Don't include any picture when you restate the data word for word.

Referring expression grounding data
#####

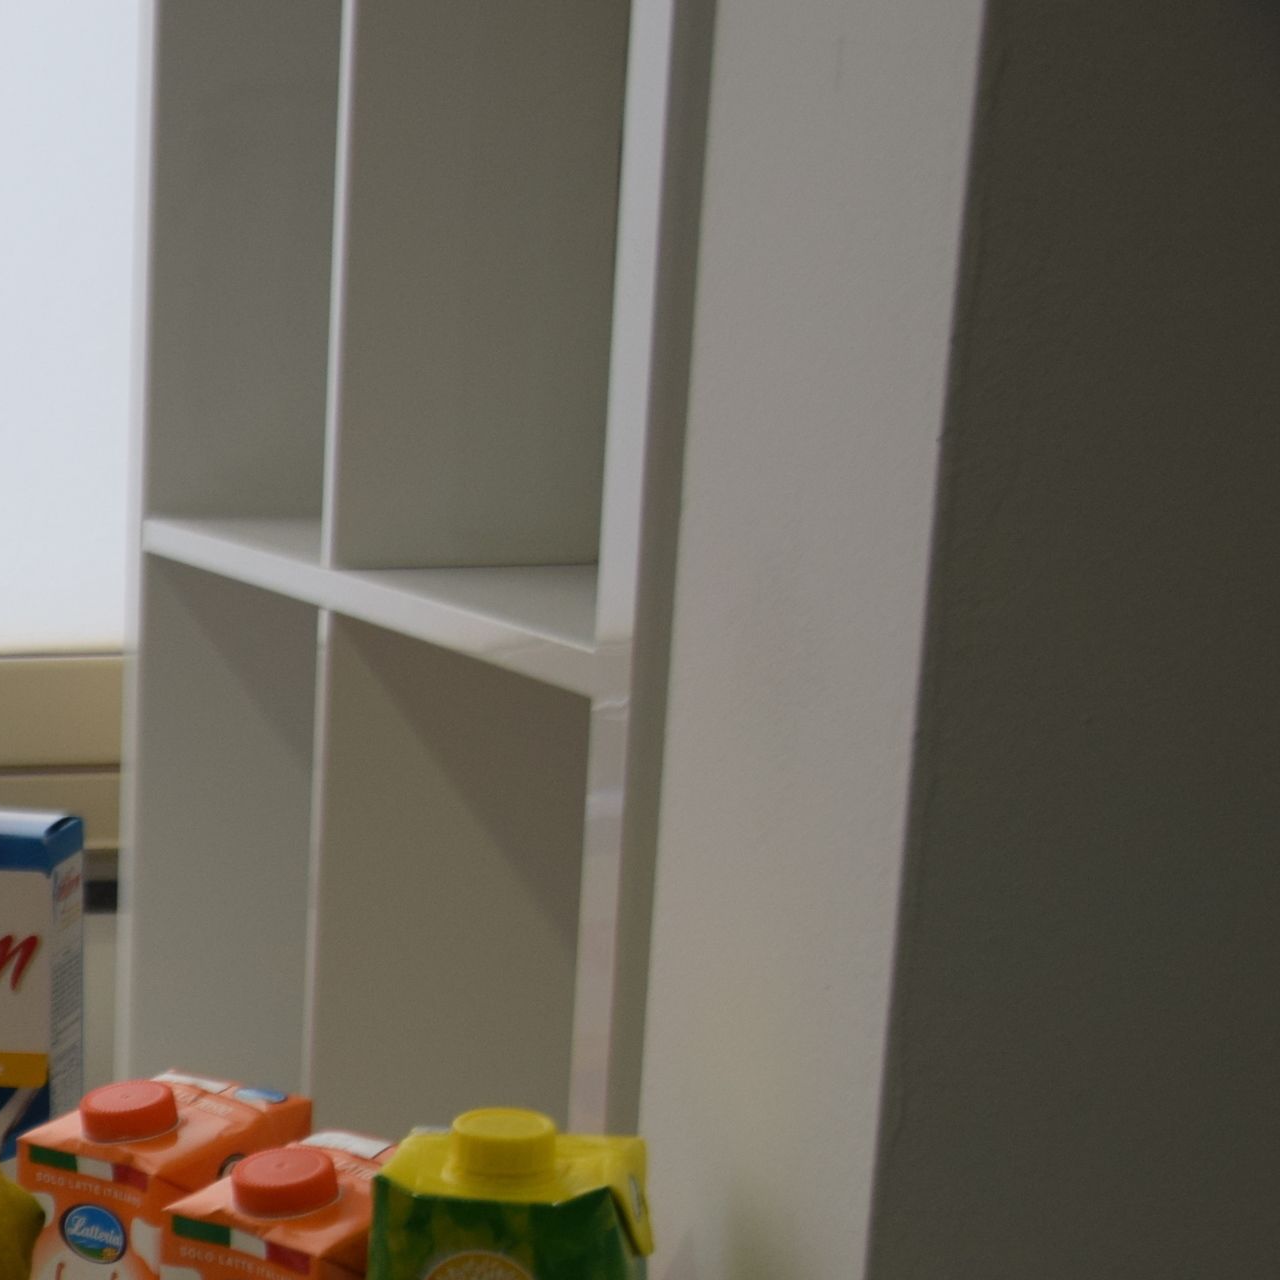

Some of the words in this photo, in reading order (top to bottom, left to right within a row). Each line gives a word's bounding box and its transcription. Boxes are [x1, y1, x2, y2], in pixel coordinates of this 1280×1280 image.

[35, 1171, 65, 1186] SOLO
[67, 1178, 102, 1195] LATTE
[179, 1247, 215, 1263] SOLO
[217, 1255, 256, 1273] LATTE

#####

Response area
Some of the words in this photo, in reading order (top to bottom, left to right within a row). Each line gives a word's bounding box and its transcription. Boxes are [x1, y1, x2, y2], in pixel coordinates of this 1280×1280 image.

[35, 1171, 65, 1186] SOLO
[67, 1178, 102, 1195] LATTE
[179, 1247, 215, 1263] SOLO
[217, 1255, 256, 1273] LATTE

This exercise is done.